### GIVEN DATA
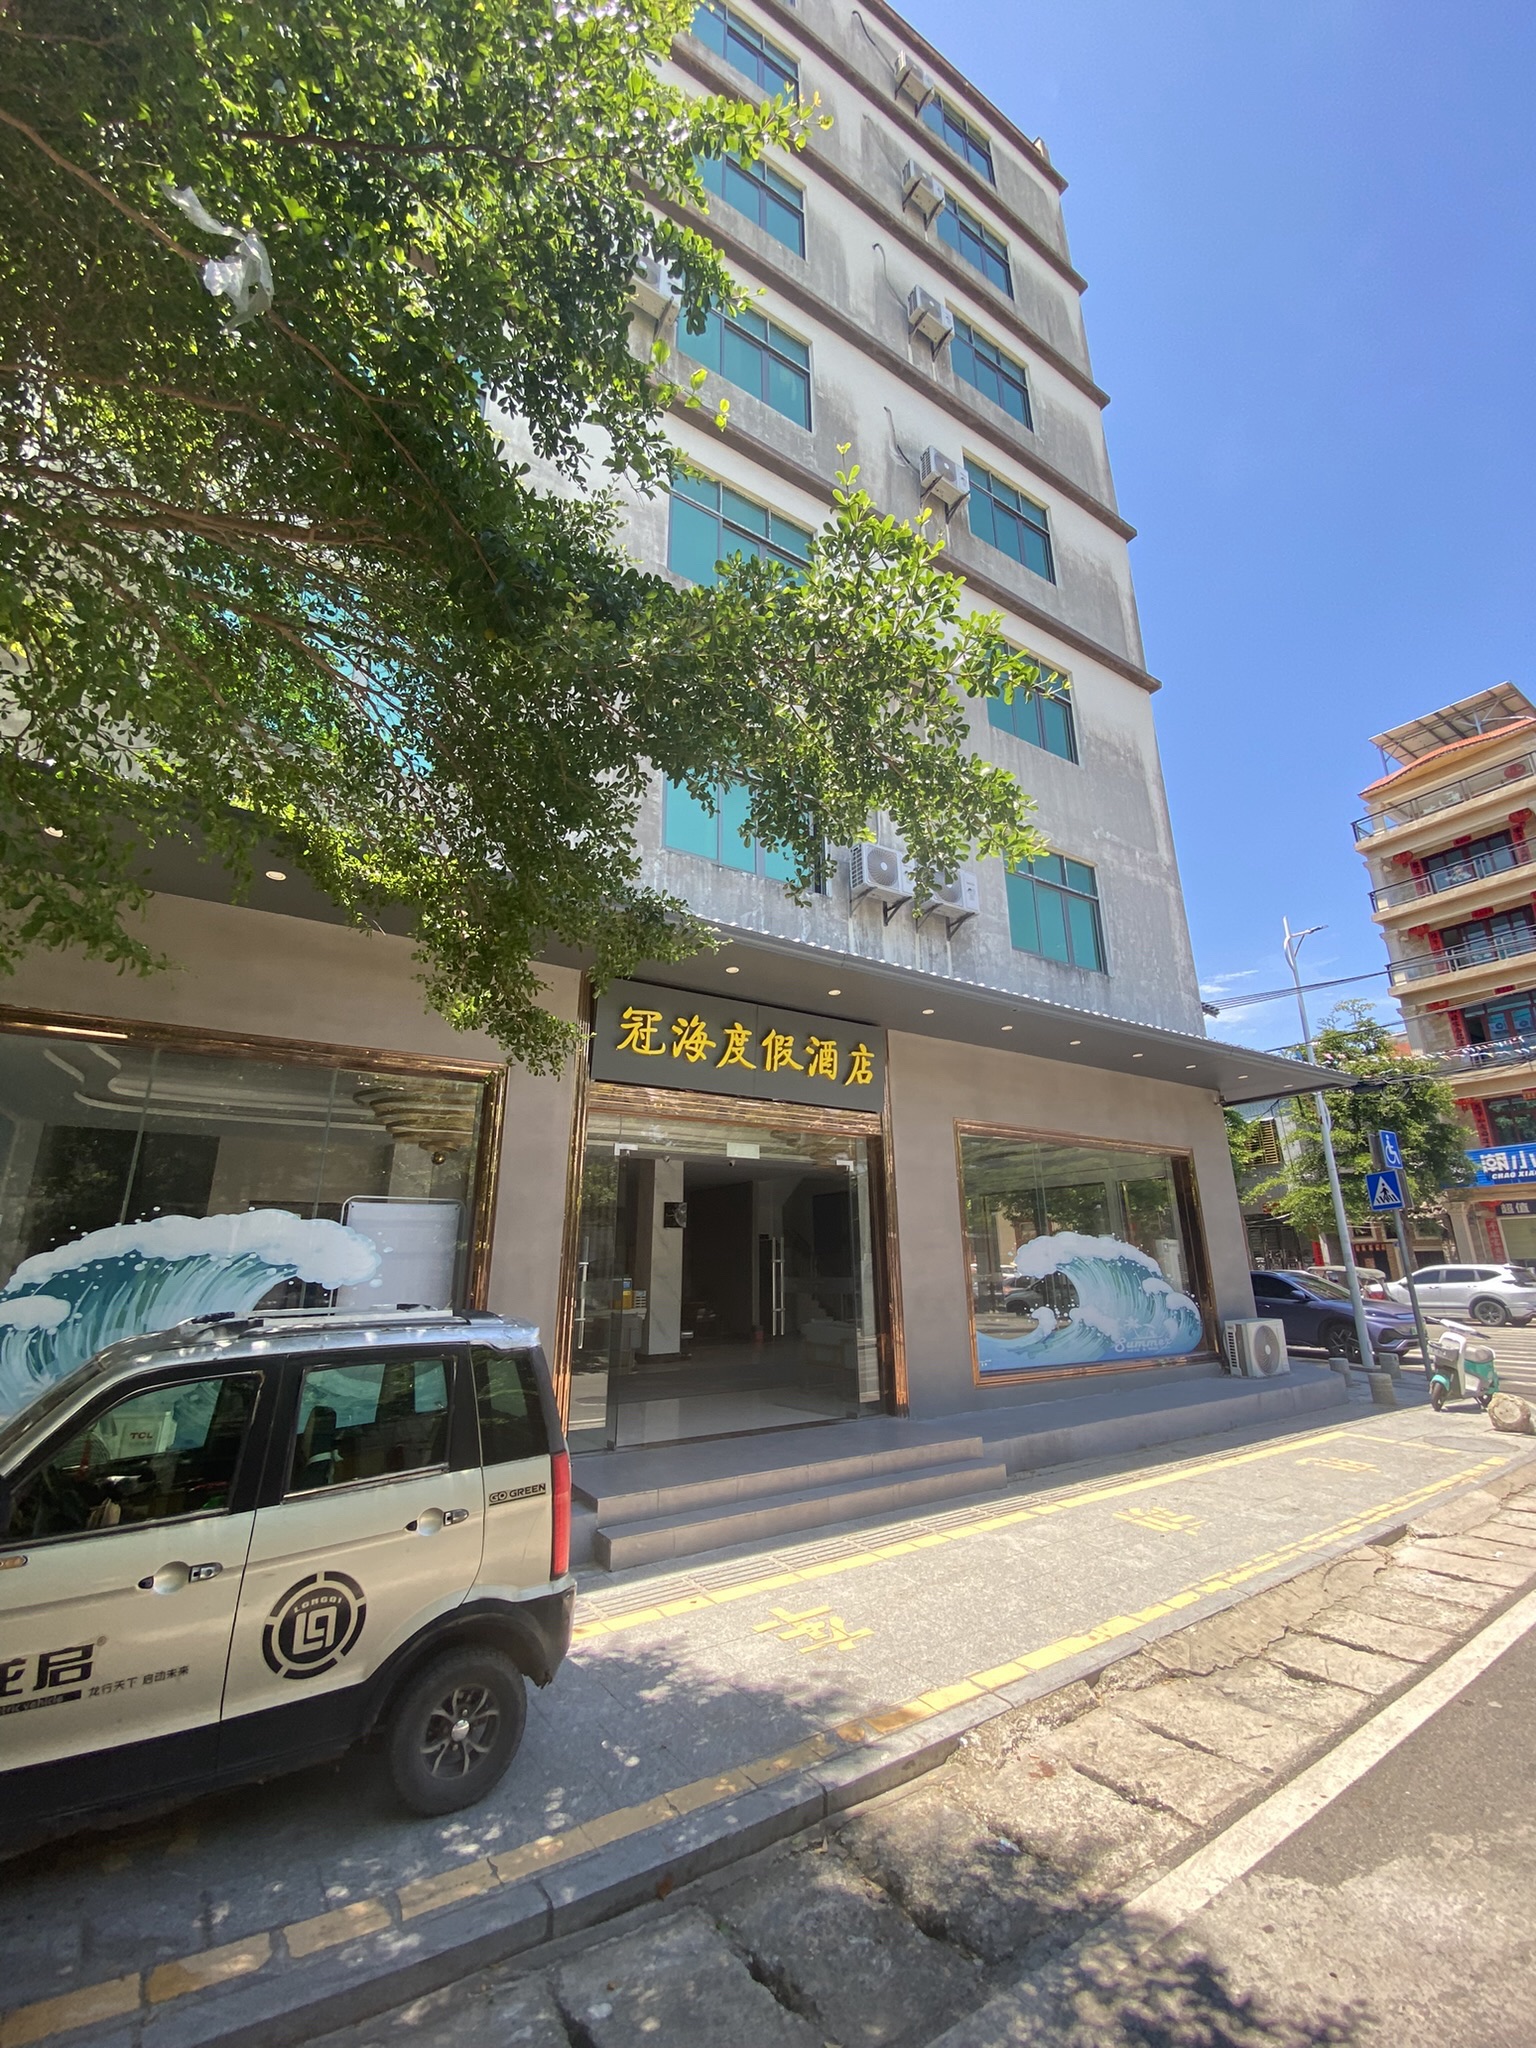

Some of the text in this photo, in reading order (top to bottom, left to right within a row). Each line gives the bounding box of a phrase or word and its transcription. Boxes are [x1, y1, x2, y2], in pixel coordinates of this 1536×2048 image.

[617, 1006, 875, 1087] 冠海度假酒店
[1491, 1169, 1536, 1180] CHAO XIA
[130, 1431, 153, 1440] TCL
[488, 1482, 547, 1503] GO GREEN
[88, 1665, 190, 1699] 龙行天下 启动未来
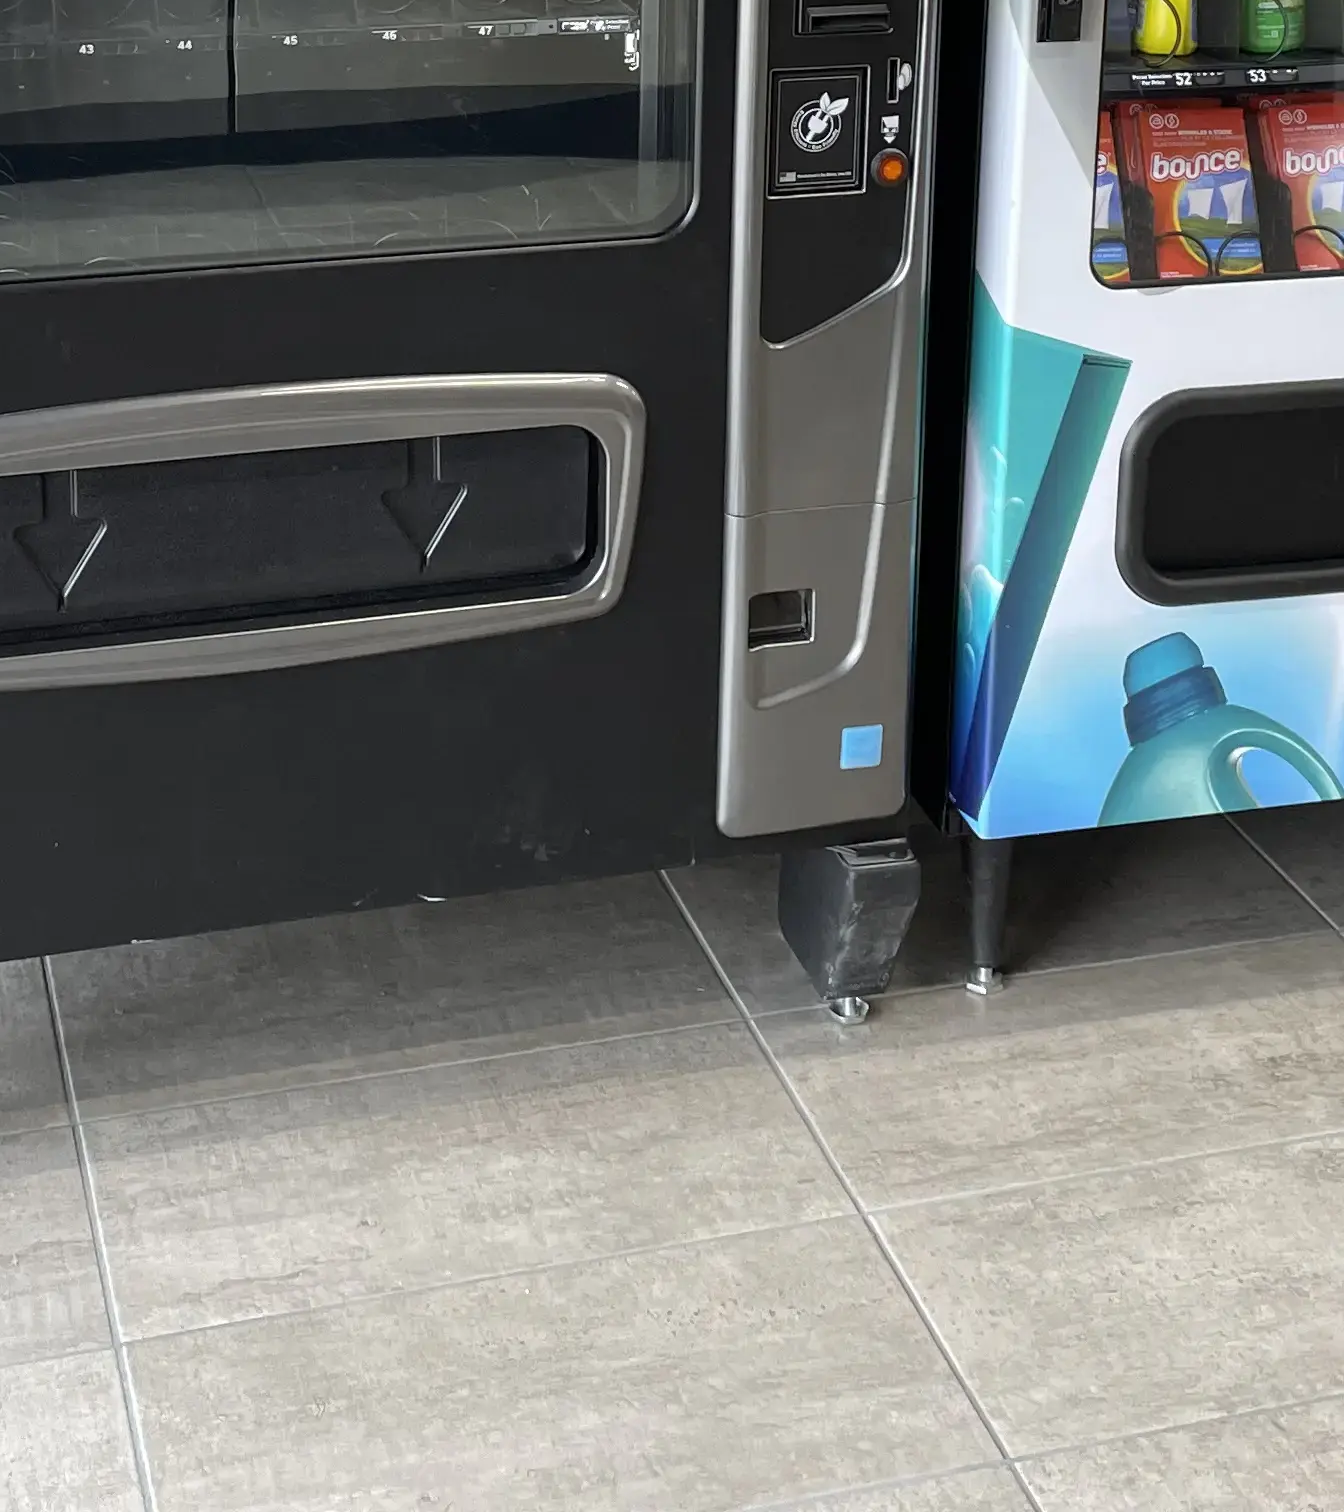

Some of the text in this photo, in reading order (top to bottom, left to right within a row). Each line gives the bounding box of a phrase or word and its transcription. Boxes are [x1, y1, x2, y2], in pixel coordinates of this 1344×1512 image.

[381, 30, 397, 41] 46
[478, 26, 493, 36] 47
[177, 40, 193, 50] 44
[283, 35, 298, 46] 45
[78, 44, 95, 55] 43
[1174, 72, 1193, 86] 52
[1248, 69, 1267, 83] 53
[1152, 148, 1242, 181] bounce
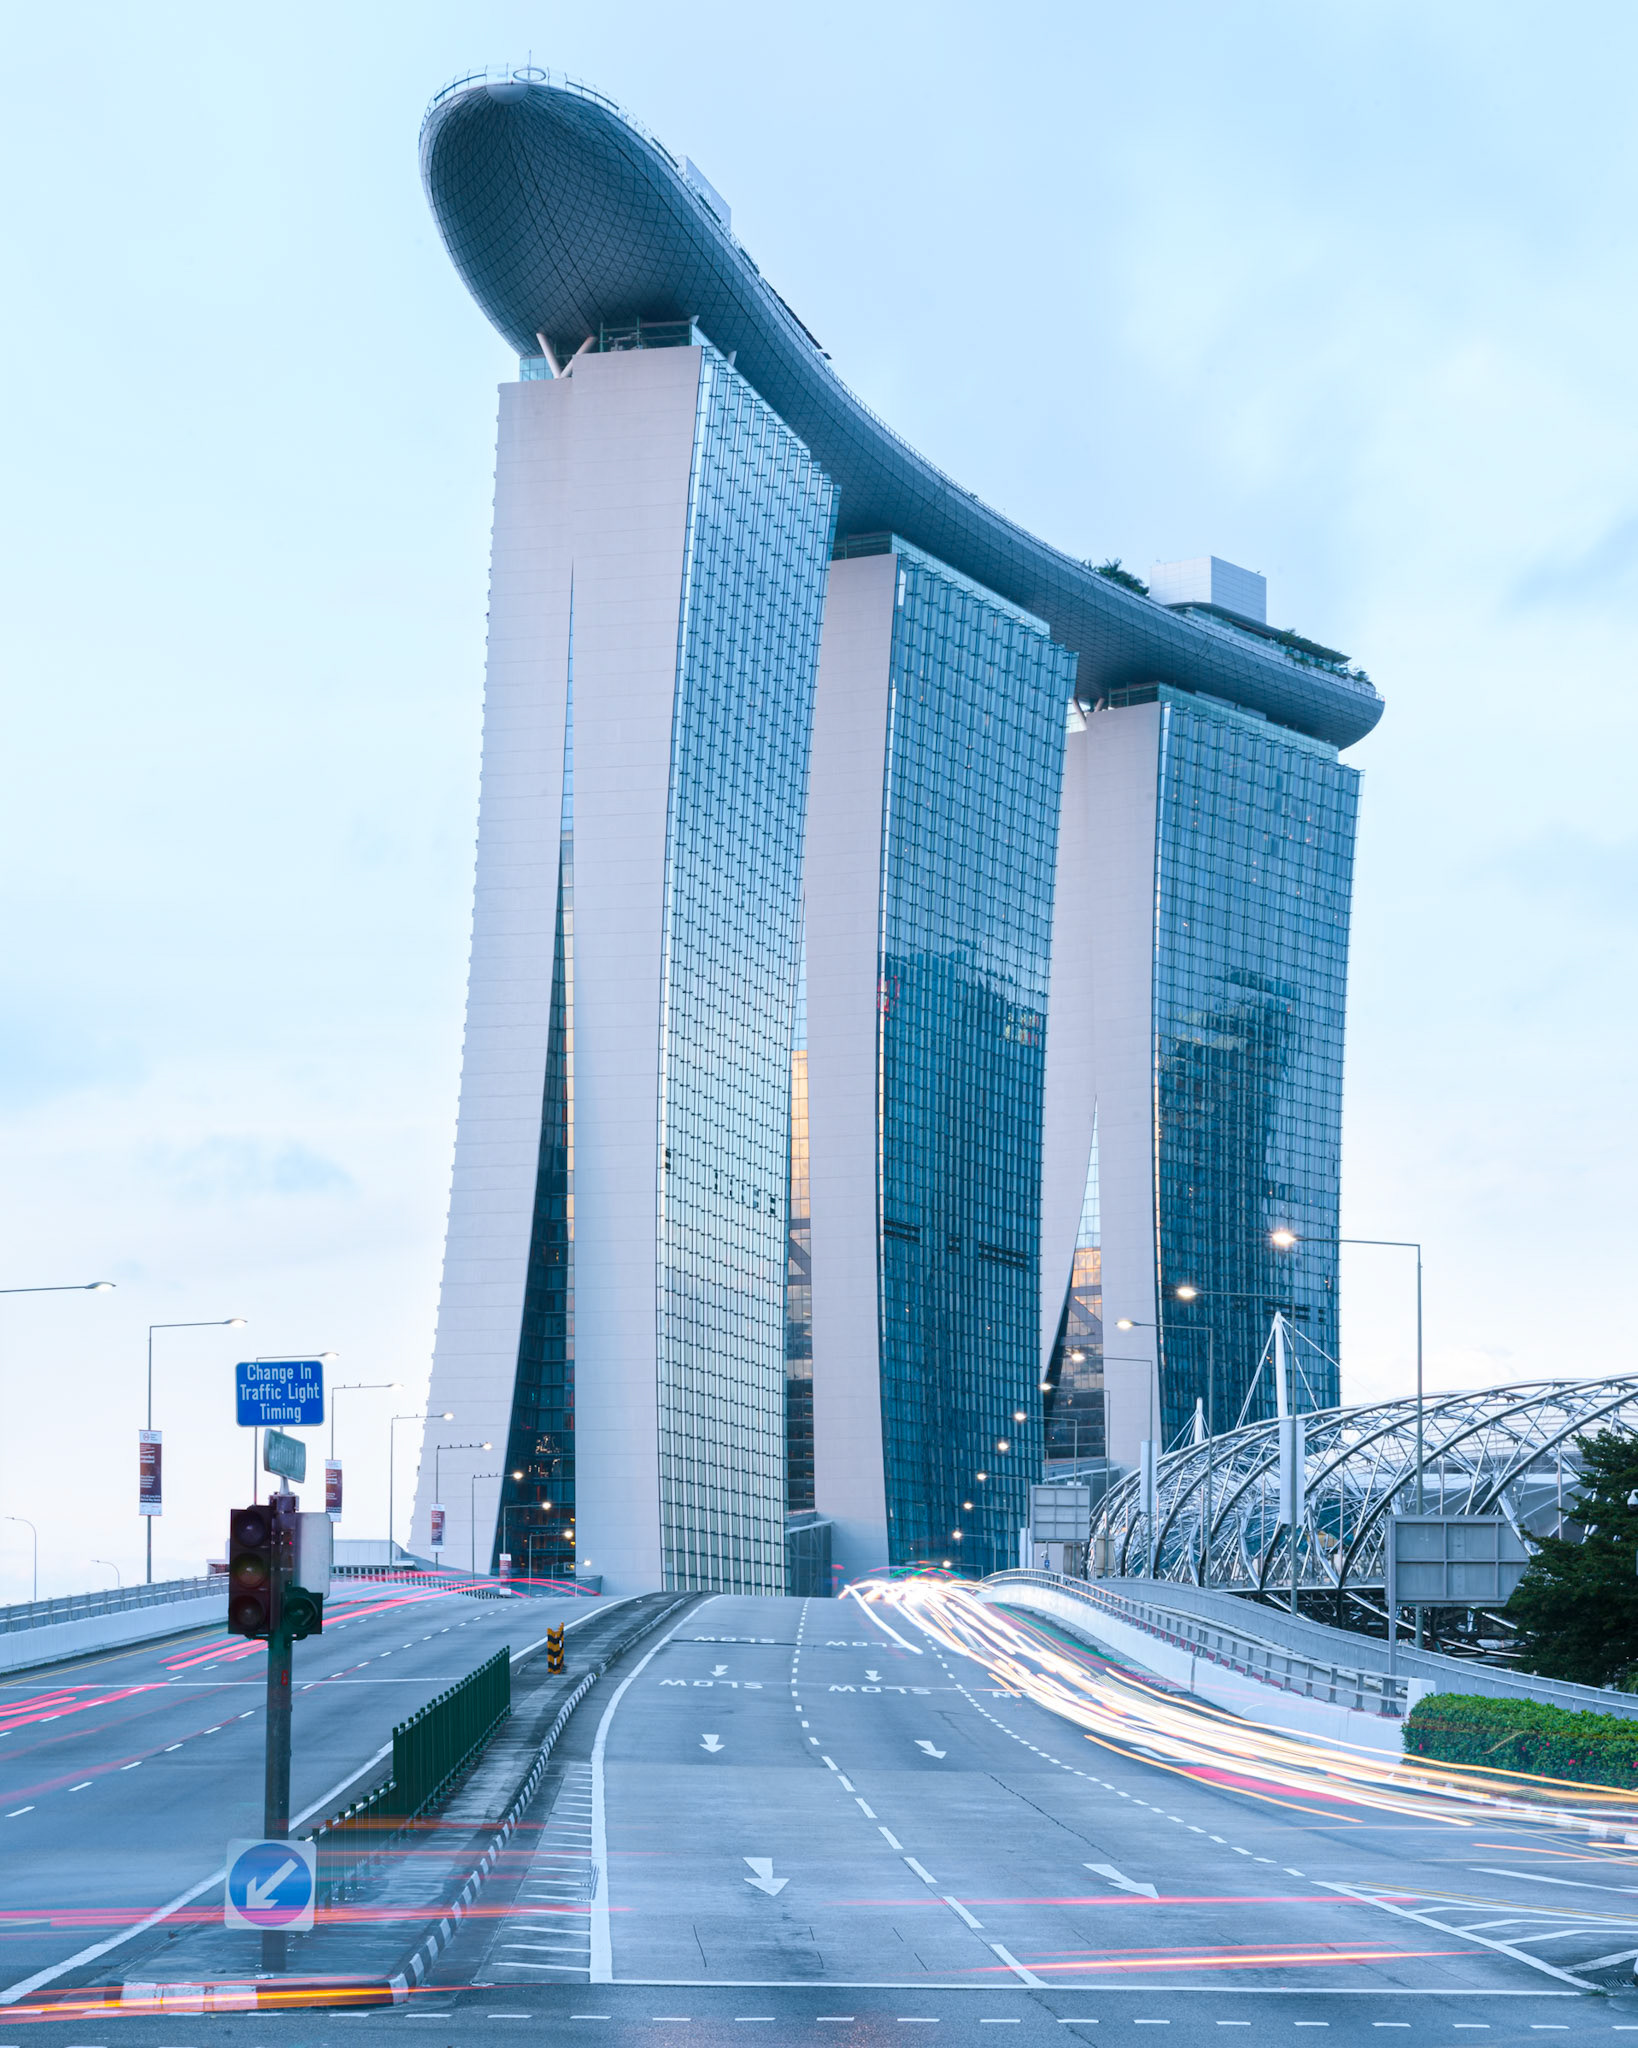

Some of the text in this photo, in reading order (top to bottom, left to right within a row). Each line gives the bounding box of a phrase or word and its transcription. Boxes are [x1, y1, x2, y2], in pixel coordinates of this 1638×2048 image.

### YOUR GOAL
Reproduce nothing but the lines from the line containing "this 1344×1512 image." through the last line of the data above, exactly as written and without pictures.

### RESULT FOR THIS EXERCISE
Some of the text in this photo, in reading order (top to bottom, left to right within a row). Each line gives the bounding box of a phrase or word and its transcription. Boxes are [x1, y1, x2, y2], in pixel coordinates of this 1344×1512 image.

[381, 30, 397, 41] 46
[478, 26, 493, 36] 47
[177, 40, 193, 50] 44
[283, 35, 298, 46] 45
[78, 44, 95, 55] 43
[1174, 72, 1193, 86] 52
[1248, 69, 1267, 83] 53
[1152, 148, 1242, 181] bounce

Some of the text in this photo, in reading order (top to bottom, left to right within a row). Each line gives the bounding box of a phrase or word and its transcription. Boxes are [x1, y1, x2, y2], in pixel coordinates of this 1638×2048 image.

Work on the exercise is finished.